GOOD

Edmonton Eskimoes play the Montreal Alouettes. Image by Shawn McReady/Flickr.

In an attempt to cut down on the number of injuries football players accrue, the Canadian Football League and the Canadian Football League Players Association announced this week that, moving forward, they were eliminating all full-contact, padded practices during the course of the 21-week-long regular season.


“Today, we stand shoulder to shoulder on the important issue of player health and safety,” Randy Ambrosie, commissioner of the CFL said, per the league’s website. “We have developed and agreed upon these changes in the spirit of partnership and in pursuit of a shared goal: making the game we all love safer for the elite athletes who thrill our fans with their skill and talent.”

In the announcement, neither the CFL nor the CFLPA specifically cited head trauma, concussions, or the subconcussive blows that football players suffer as a matter of course. Instead, they stuck to more general terms like “player safety” and “physical wear and tear.” But it’s not hard to read between the lines, when CFLPA executive director Brian Ramsey cited “increasing public awareness about our members’ safety” as a motivating factor behind both the restrictions on practices and lengthening the schedule by an additional week, giving all CFL teams a total of three bye weeks, as opposed to two. (For comparison, the NFL only offers one bye week over the course of its 16-game regular season.)

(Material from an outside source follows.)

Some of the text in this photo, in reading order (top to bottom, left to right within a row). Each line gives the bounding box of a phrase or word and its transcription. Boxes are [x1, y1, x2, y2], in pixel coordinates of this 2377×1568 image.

It’s not just that Chronic Traumatic Encephalopathy was discovered in 87% of the 202 brains from high school, college, and pro football players that were posthumously donated to the CTE Center at the Boston University School of Medicine, the leading CTE research facility in the U.S. In a recent two-year study, tests were conducted on 22 retired CFL players, compared with an additional 20 men in a similar age group who had gone concussion-free. The results were, as the Toronto Star reported, “horrifying” and “almost hard to believe,” to the point where one researcher said that players were functioning as if they had “the brain of an 80-year-old, maybe 90-year-old,” even though they were years removed from their playing days and their last reported concussion.

From the study:

“95 per cent of the players had decreased activity in a part of the prefrontal cortex believed to be associated with decision-making, when compared to an average level of activity in the control subjects.

On average, the players had ‘significant’ thinning in 65 per cent of their cerebral cortex area, compared to people in the control group.

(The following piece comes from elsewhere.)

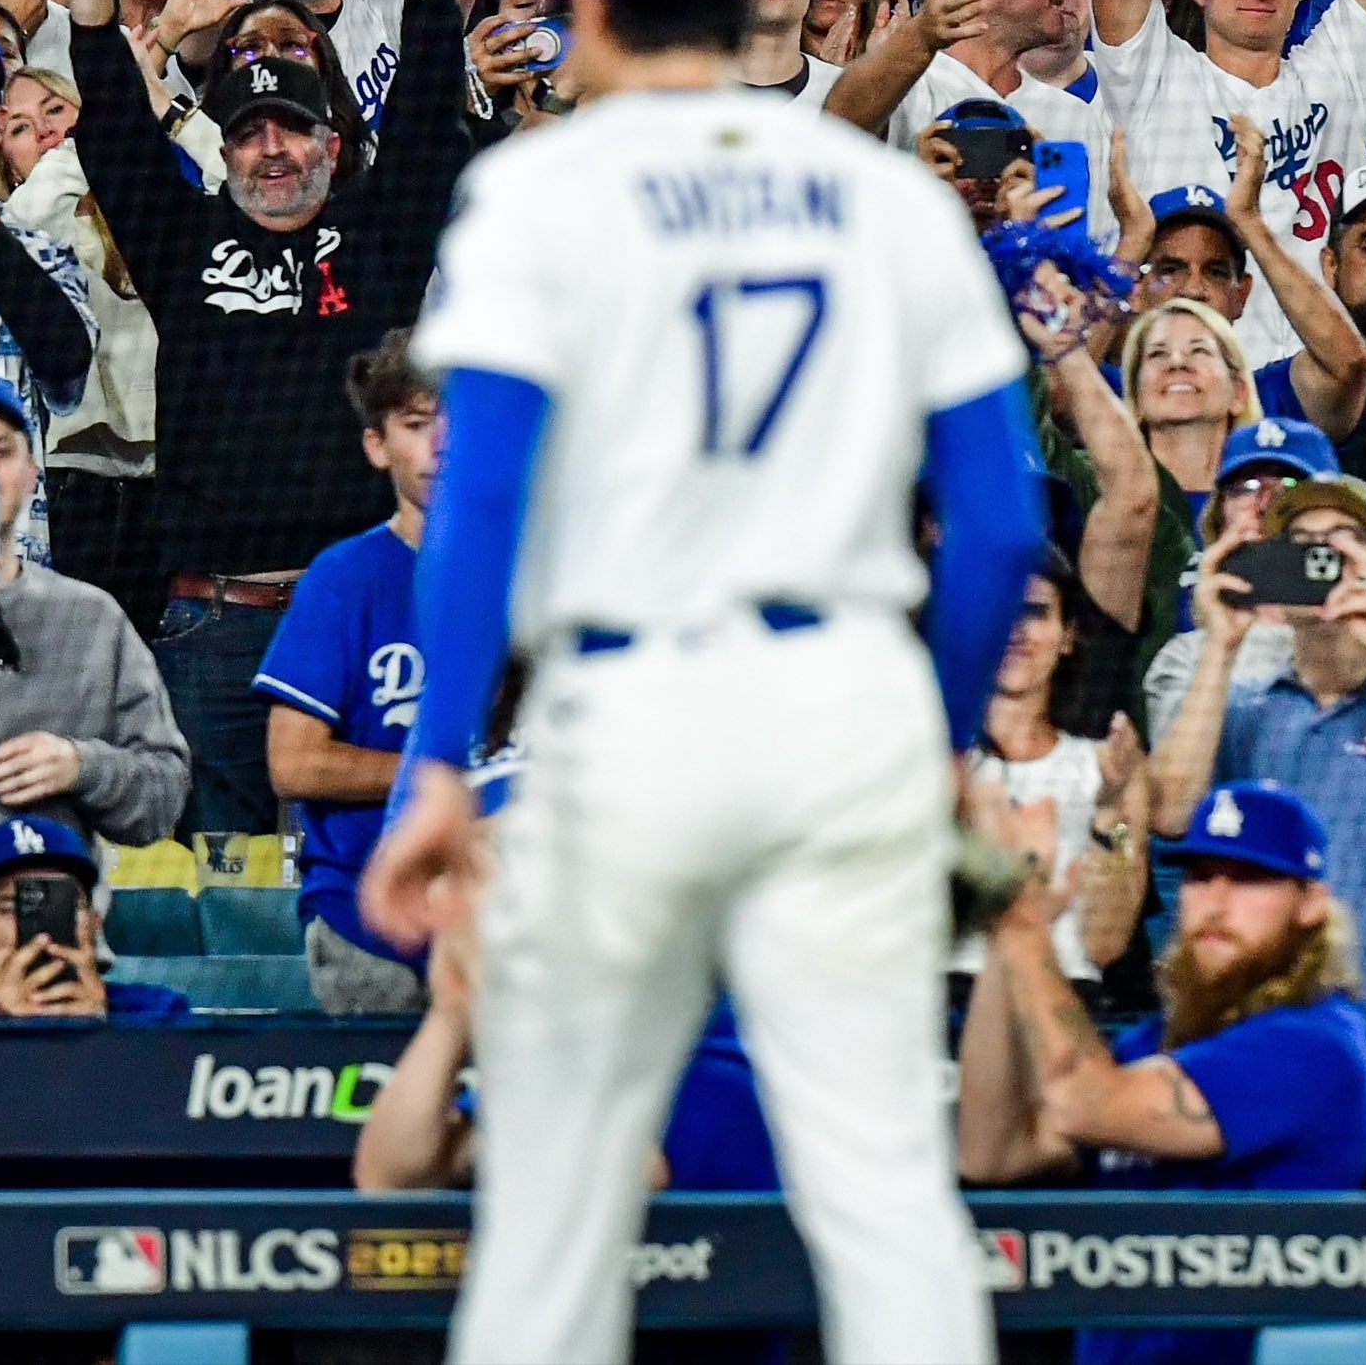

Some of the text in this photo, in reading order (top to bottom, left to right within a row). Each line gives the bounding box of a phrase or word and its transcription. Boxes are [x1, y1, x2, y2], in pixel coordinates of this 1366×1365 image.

The players’ average score on the

Beck Depression Inventory was nearly four times higher than the average for the control subjects. Seven out of 22 players showed some signs of depression.”

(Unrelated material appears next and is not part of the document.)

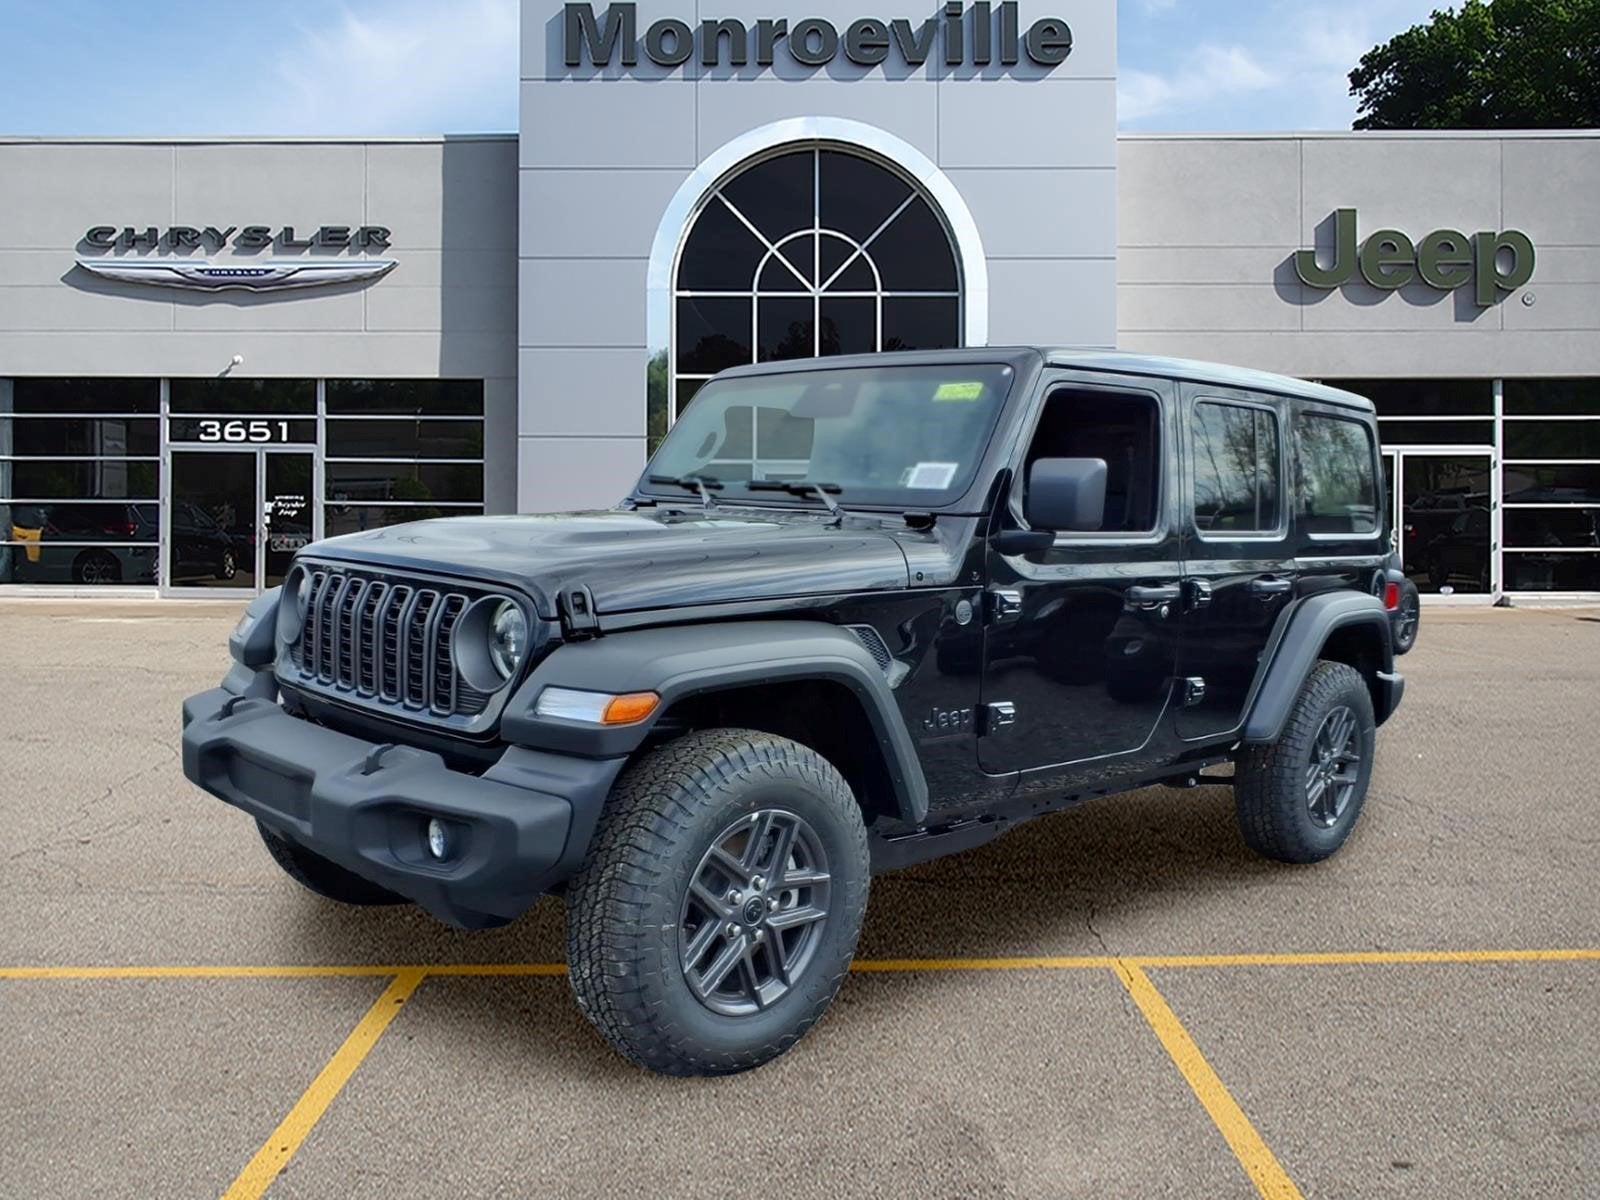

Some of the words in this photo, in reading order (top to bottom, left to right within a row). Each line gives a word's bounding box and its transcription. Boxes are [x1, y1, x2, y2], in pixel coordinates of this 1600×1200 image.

The steps taken by the CFL represent a good first step, even if it’s not the concussions but the untold number of subconcussive blows that are proving a significant factor when it comes to future cognitive and behavioral issues. Unfortunately, it doesn’t seem like the NFL is in any rush to match their Canadian counterparts.

In 2016, The Ringer reported that coaches were already grumbling about the existing limits on practice time and the potential impact it was having on the quality of play. The current collective bargaining agreement runs through 2021, and any limits on the number of full-contact practices would need to be put on the docket, presumably by the NFLPA, which has had little success in extracting concessions from the league in the past. According to ESPN, the NFLPA and CFLPA have held a few preliminary conversations, but when then the NFL was pressed as to whether they planned to follow the CFL’s lead, a spokesman provided this non-answer: “We are eager to discuss with the union at the earliest possible time health and safety matters and all other issues covered by the CBA.”